Consuming data from Kafka
A Kafka consumer subscribes to one or more topics managed by a Kafka cluster. Each topic is a data stream, an unbounded dataset that is represented as an ordered sequence of messages. Vertica can manually or automatically consume Kafka topics to perform analytics on your streaming data.
Manually consume data
Manually consume data from Kafka with a COPY statement that calls a KafkaSource function and parser. Manual loads are helpful when you want to:
-
Populate a table one time with the messages currently in Kafka.
-
Analyze a specific set of messages. You can choose the subset of data to load from the Kafka stream.
-
Explore the data in a Kafka stream before you set up a scheduler to continuously stream the data into Vertica.
-
Control the data load in ways not possible with the scheduler. For example, you cannot perform business logic or custom rejection handling during the data load from Kafka because the scheduler does not support additional processing during its transactions. Instead, you can periodically run a transaction that executes a COPY statement to load data from Kafka, and then perform additional processing.
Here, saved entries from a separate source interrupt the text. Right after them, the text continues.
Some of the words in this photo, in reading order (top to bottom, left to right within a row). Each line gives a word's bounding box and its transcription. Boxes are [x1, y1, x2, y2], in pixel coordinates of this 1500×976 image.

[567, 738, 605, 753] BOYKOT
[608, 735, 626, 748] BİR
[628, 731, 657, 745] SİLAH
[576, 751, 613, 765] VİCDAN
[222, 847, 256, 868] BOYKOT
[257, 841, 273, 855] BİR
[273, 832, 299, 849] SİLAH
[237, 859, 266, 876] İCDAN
For a detailed example, see Manually consume data from Kafka.
Automatically consume data
Automatically consume streaming data from Kafka into Vertica with a scheduler, a command-line tool that loads data as it arrives. The scheduler loads data in segments defined by a microbatch, a unit of work that processes the partitions of a single Kafka topic for a specified duration of time. You can manage scheduler configuration and options using the vkconfig tool.
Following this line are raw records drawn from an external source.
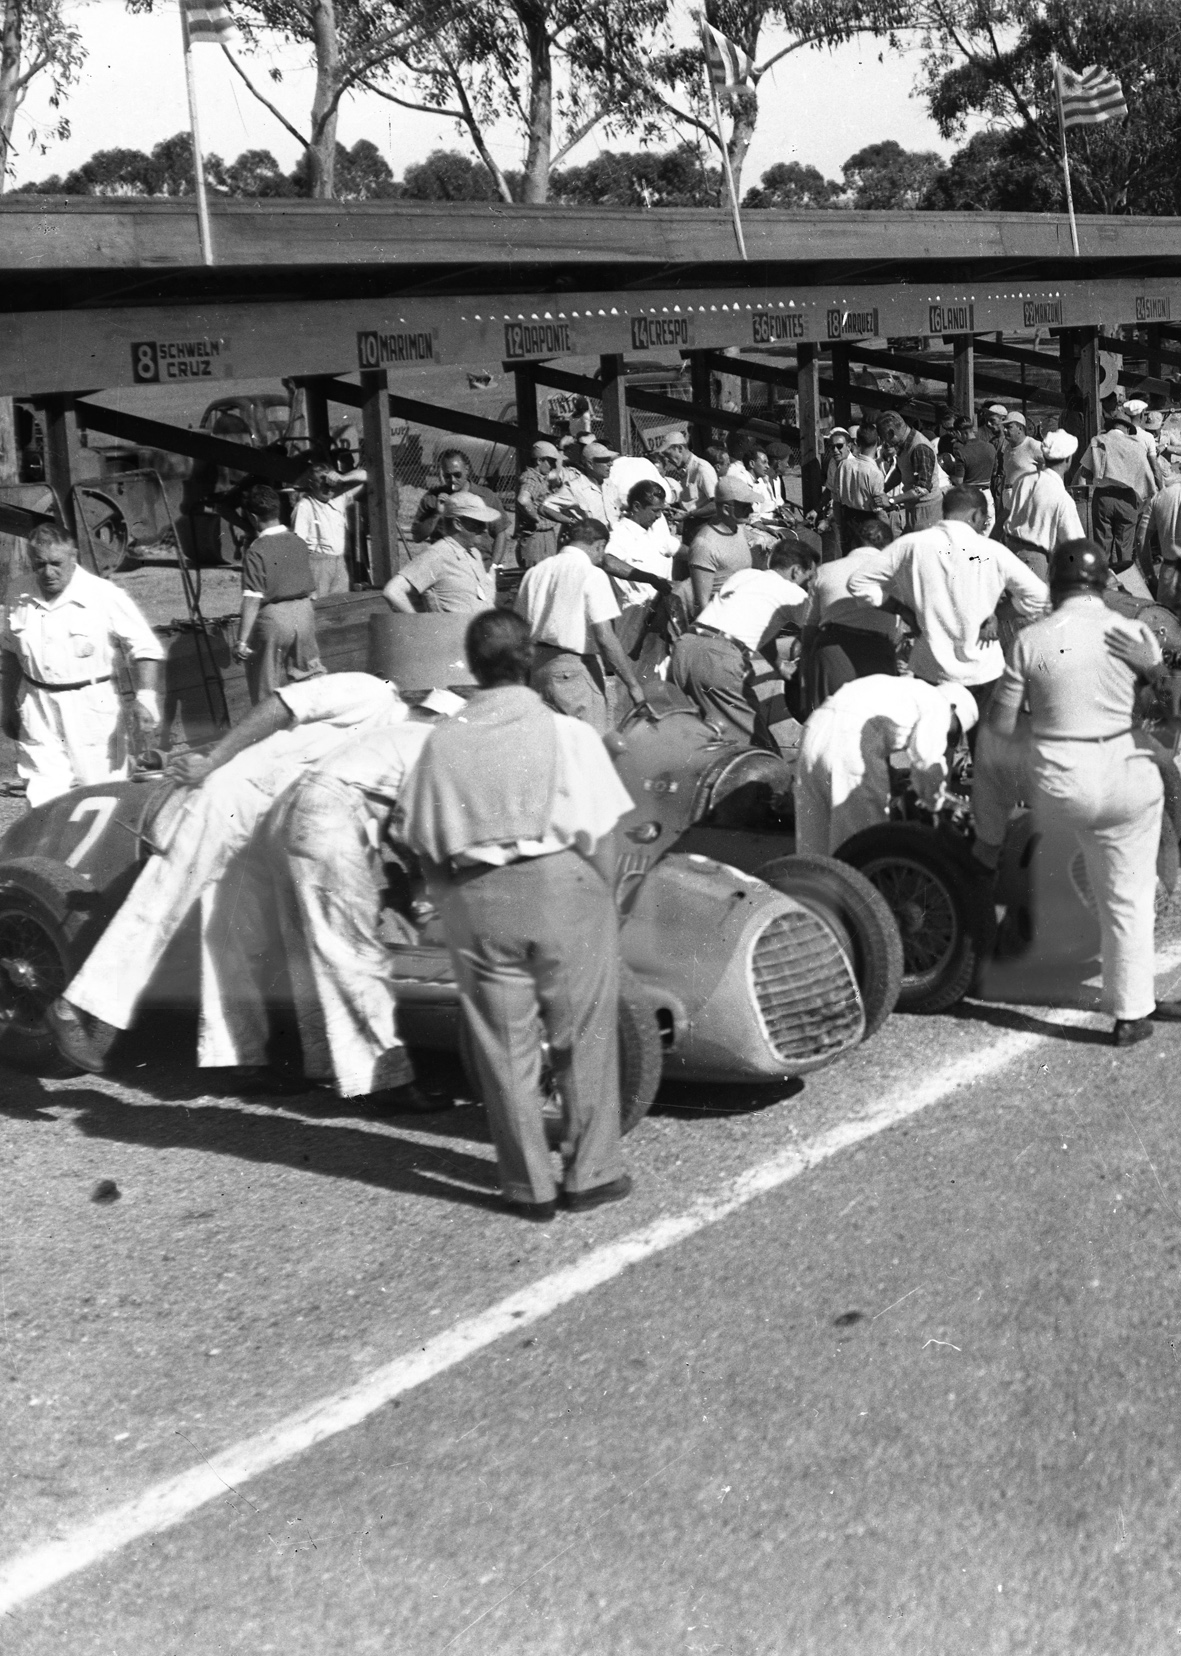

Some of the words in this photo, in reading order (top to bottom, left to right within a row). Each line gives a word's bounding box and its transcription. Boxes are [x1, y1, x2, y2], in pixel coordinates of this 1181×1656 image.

[634, 320, 648, 347] 14
[649, 318, 688, 345] CRESPO
[753, 315, 769, 340] 36
[769, 314, 804, 339] FONTES
[829, 312, 840, 336] 18
[931, 309, 941, 331] 16
[942, 307, 967, 330] LANDI
[159, 341, 220, 359] SCHWELM
[361, 335, 378, 365] 10
[379, 333, 433, 362] MARIMON
[507, 326, 523, 355] 12
[524, 324, 570, 354] DAPONTE
[137, 344, 155, 379] 8
[166, 360, 213, 378] CRUZ
[65, 796, 118, 868] 7
For details, see Automatically consume data from Kafka with a scheduler.
Monitoring consumption
You must monitor message consumption to ensure that Kafka and Vertica are communicating effectively. You can use native Kafka tools to monitor consumer groups, or you can use vkconfig tool to view consumption details.
For additional information, see Monitoring message consumption.
Parsing data with Kafka filters
Your data stream might encode data that the Kafka parser functions cannot parse by default. Use Kafka filters to delimit messages in your stream to improve data consumption.
For details, see Parsing custom formats.